Потребность в подобном рассуждении появилась в западном мире после Первой мировой войны. По понятным причинам в те годы услышано не было. И лишь по возвращении из эмиграции, на европейском послевоенном пустыре, философы сумели сказать так, что их высказывание получило резонанс. По времени это совпадает с денацификацией Европы и разоблачением сталинизма – тогда здравый голос оказался нужен.

Строго говоря, франкфуртская школа – столь же условное определение, как и парижская школа начала ХХ века, объединявшая несхожих меж собой художников: Модильяни, Шагала и Сутина. Точно так же и Теодор Адорно, Макс Хоркхаймер, Герберт Маркузе и Эрих Фромм (называю лишь крупнейших философов) – их роднила суть работы. Философ франкфуртской школы участвовал в жизни общества – и активно; это тот, кто критикует современное общество с позиций гуманизма и социализма, выступает за конкретизацию абстрактных категорий, голосует за республиканский строй и социальное государство. 

Гуманизация философии – звучит слишком обобщённо; так можно сказать про многих философов, но во второй половине ХХ века роль гуманистов взяли на себя именно франкфуртские мыслители. Можно утверждать, что тот европейский демократический республиканский строй, который возник после войны и ещё существовал в 70-е годы, пошатнулся в 90-е и грозит рассыпаться сегодня. Та почти утопическая объединённая демократическая Европа, которая мирно жила тридцать-сорок лет подряд, – это воплощение рецептов и уроков франкфуртской школы.

Может ли критический, сомневающийся разум стать основанием организованного социума?  Вспомним, что гипотетической Республикой Платона управляют философы, но скажите, разве метод их правления соответствует философскому диалогу Сократа? Приказать поверить или принудить к сомнению? Идеология или философия? Этот вопрос в 50-е годы звучал болезненно. А сегодня он не звучит вообще.

Бесчеловечность Второй мировой войны была бесчеловечностью особого свойства: жестокостью, рождённой и обоснованной теоретиками. Первая мировая война не опиралась ни на какую философскую доктрину, то просто была бойня империй. На Вторую мировую звали идеологи и софисты: они убеждали массы убивать и умирать во имя идей. Идеология стала вызовом философии, произошло это в 30-е годы – в те годы философские системы упростили до социального инструментария; и тогда философские школы мысли, возникшие в промежутке между войнами, приняли вызов идеологии.

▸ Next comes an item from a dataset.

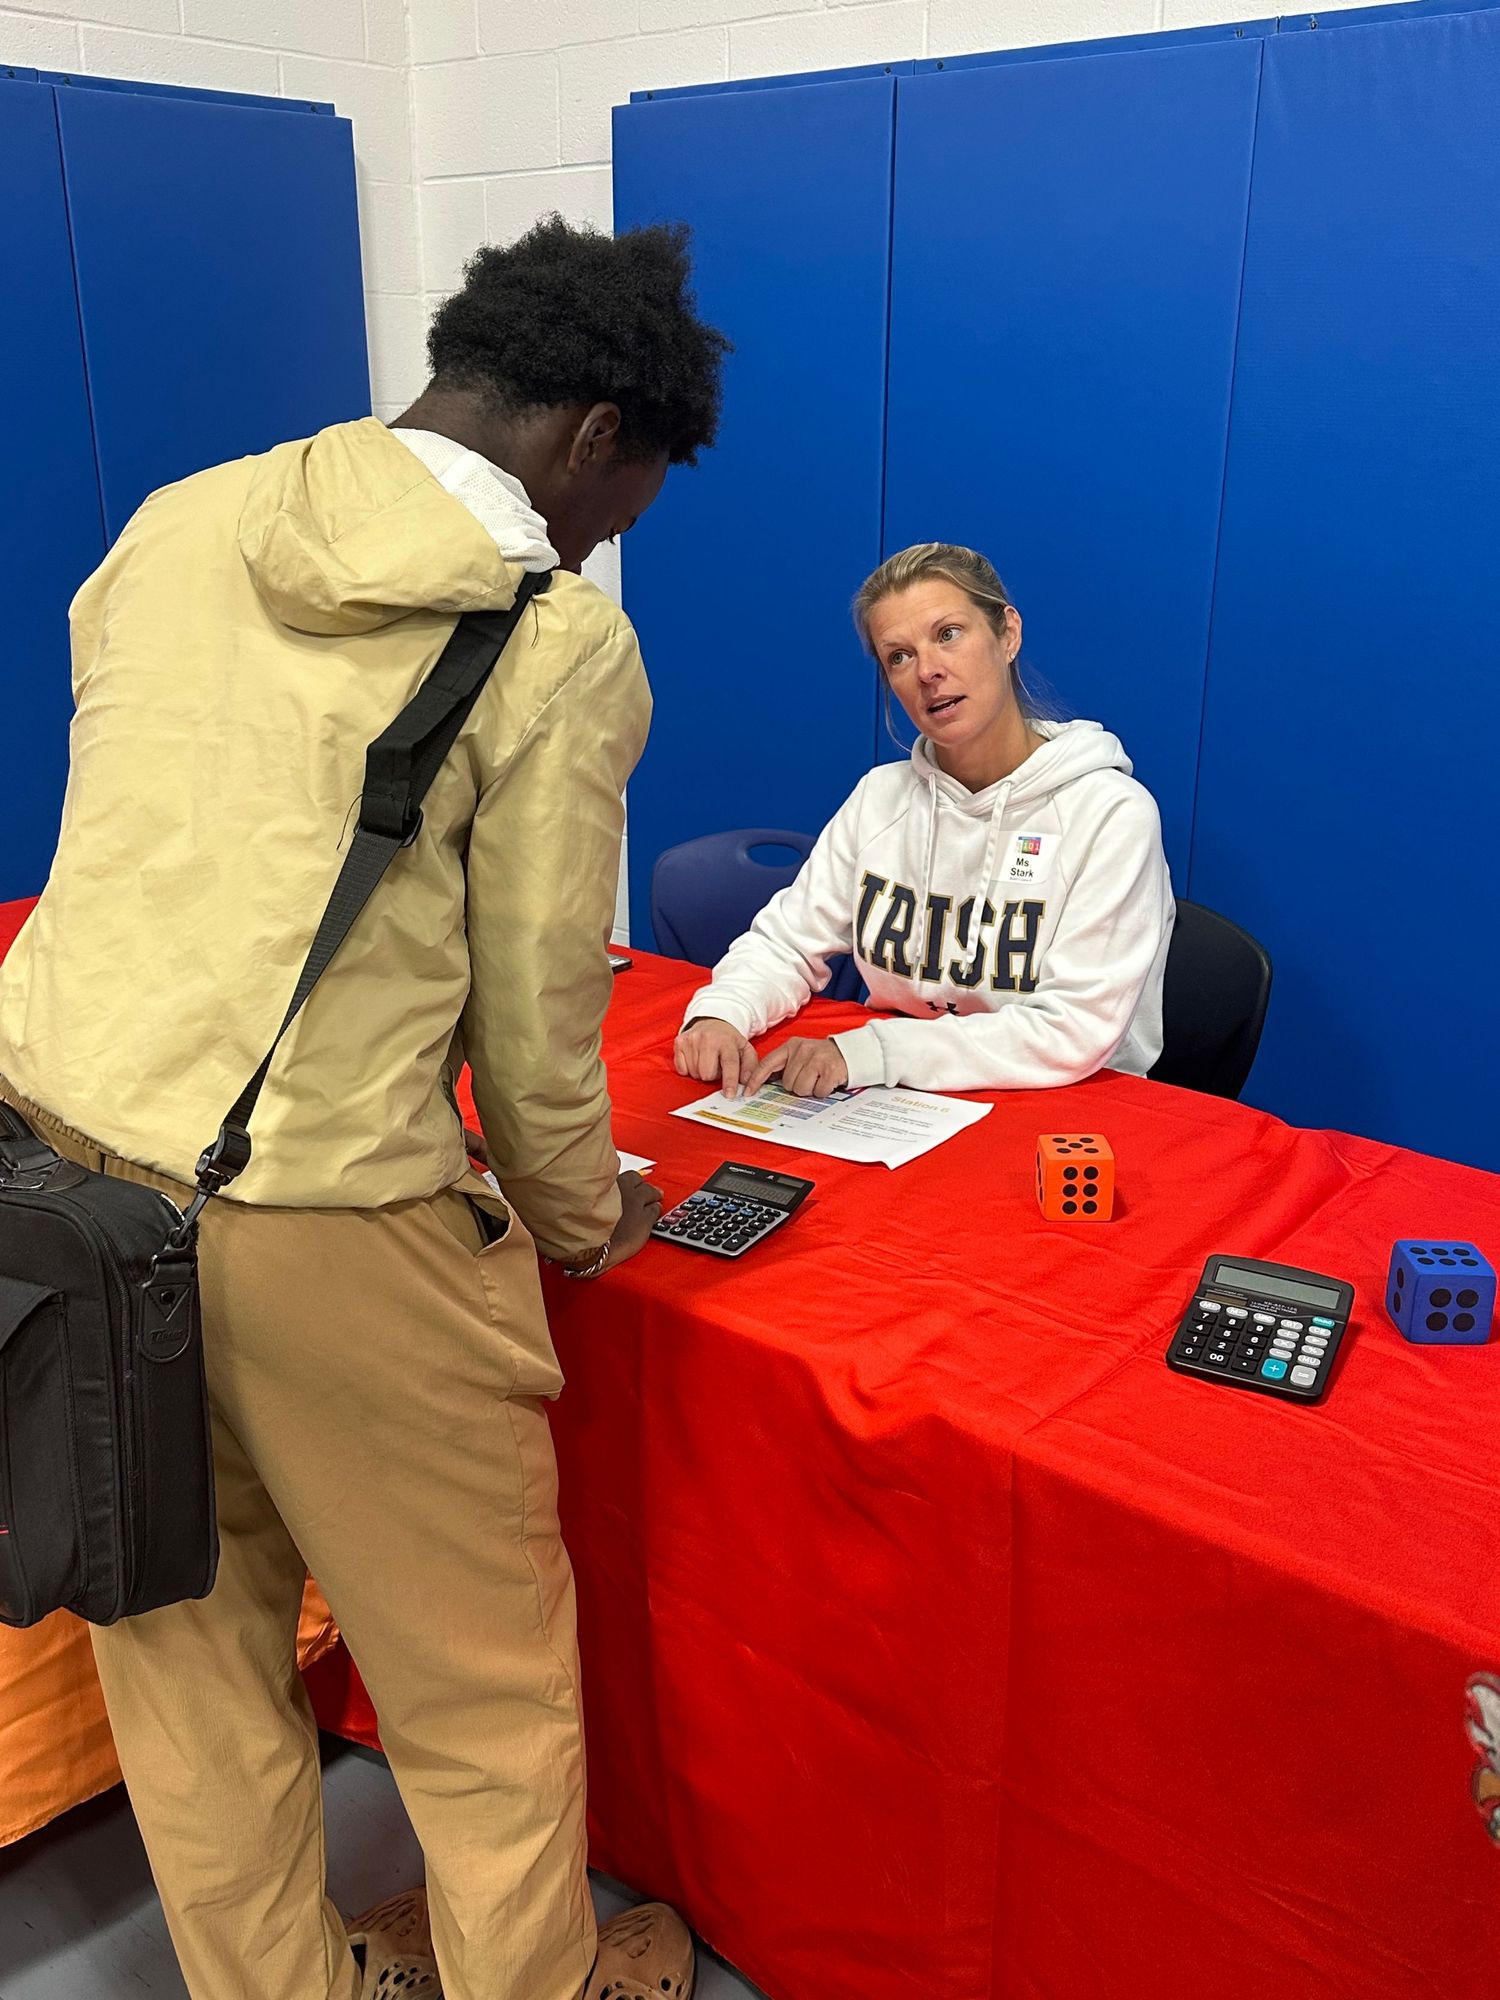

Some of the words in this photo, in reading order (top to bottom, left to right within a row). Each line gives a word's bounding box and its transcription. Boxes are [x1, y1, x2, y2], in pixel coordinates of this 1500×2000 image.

[1010, 867, 1034, 878] Stark
[857, 870, 1046, 994] IRISH
[1209, 1353, 1224, 1362] 00

Вторая мировая война вызвала вынужденный перерыв в занятиях одних и заставила эмигрировать других; в 50-е годы работа возобновилась, и школа пережила расцвет.

«Изменить мир» – эта вопиющая амбиция Маркса не казалась философам франкфуртской школы вульгарной. Франкфуртская школа философии выступила (вслед за марксизмом! подхватив эстафету марксизма!) против конформизма индустриального общества, показала (опять-таки совершенно в духе Маркса) противоречия в самой социальной структуре западного общества, которая всегда была антагонистической, но с развитием техники приобрела новые механизмы принуждения. Франкфуртская школа выявила социальные схемы, в зависимость от которых попал человек и которые упростили его бытие до функции. Книга Герберта Маркузе «Одномерный человек» посвящена именно этой проблеме. Вспомните кадры из фильма Чаплина «Новые времена», вообразите себе рабочего, застрявшего между шестерёнок большой машины, а теперь представьте себе, что шестерёнки – это идеологические догмы, вменённые как образ сознания: прогресс, синтез, цивилизация. Именно этот механизм и разрушала франкфуртская школа.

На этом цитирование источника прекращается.